■ What you are asked to do
Transcribe every entry word for word, but skip the images.

■ Data records
>>

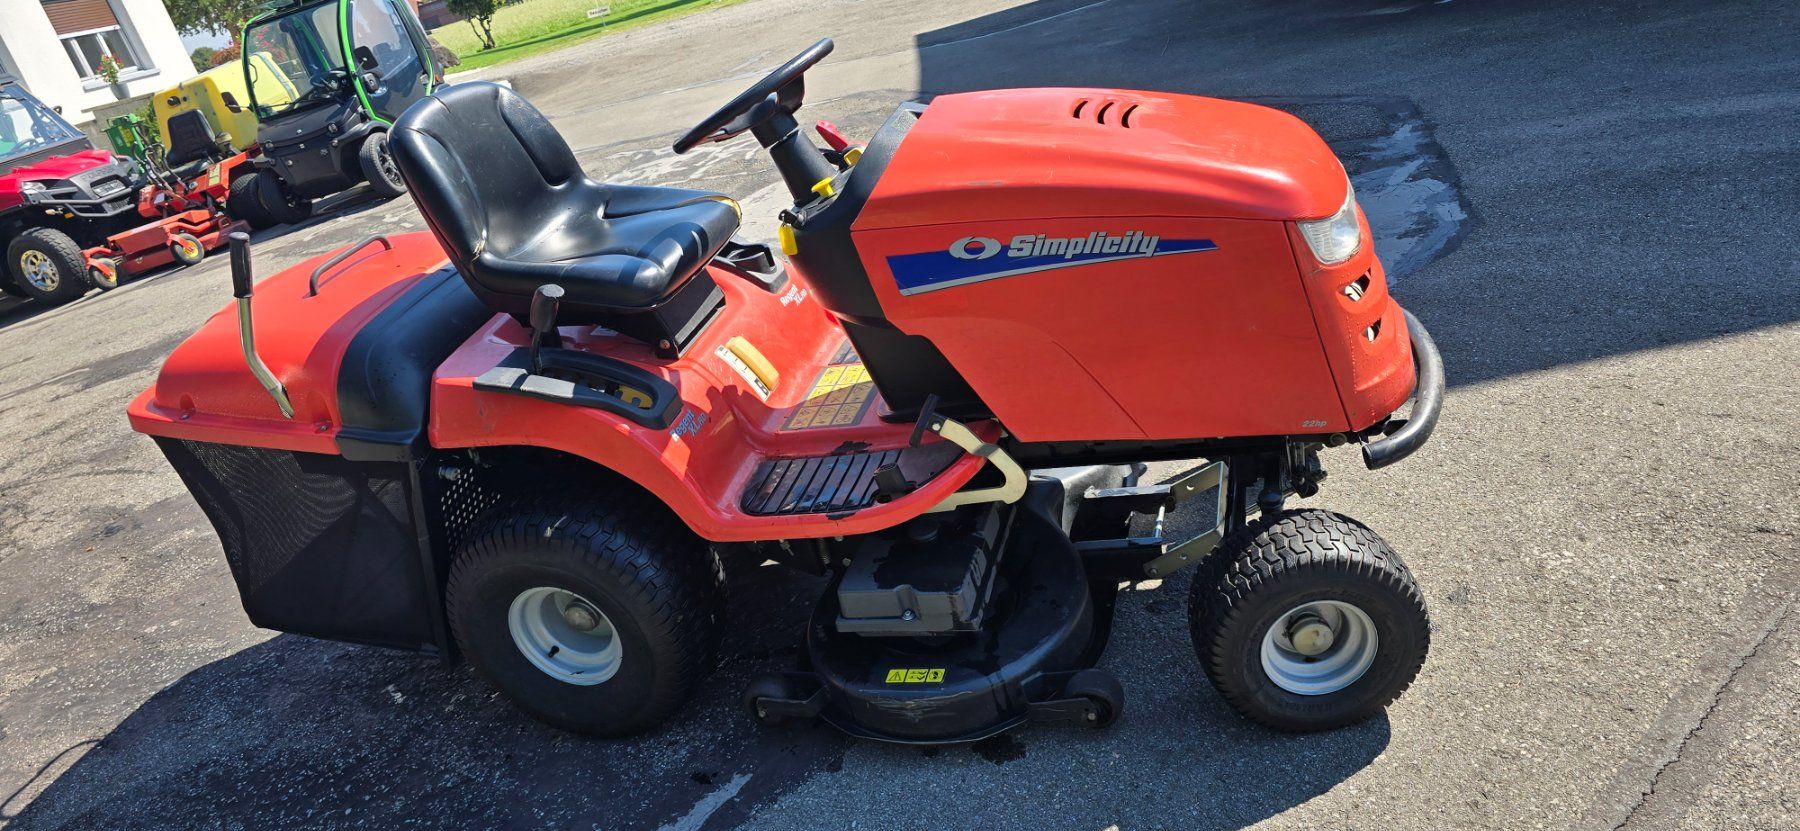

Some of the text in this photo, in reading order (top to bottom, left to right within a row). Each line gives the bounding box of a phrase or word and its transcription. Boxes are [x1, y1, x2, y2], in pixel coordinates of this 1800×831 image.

[1007, 231, 1159, 259] Simplicity
[780, 283, 798, 307] Regent
[669, 409, 695, 442] Regent
[1301, 420, 1327, 428] 22hp

<<

■ Written response
Some of the text in this photo, in reading order (top to bottom, left to right within a row). Each line gives the bounding box of a phrase or word and its transcription. Boxes are [x1, y1, x2, y2], in pixel coordinates of this 1800×831 image.

[1007, 231, 1159, 259] Simplicity
[780, 283, 798, 307] Regent
[669, 409, 695, 442] Regent
[1301, 420, 1327, 428] 22hp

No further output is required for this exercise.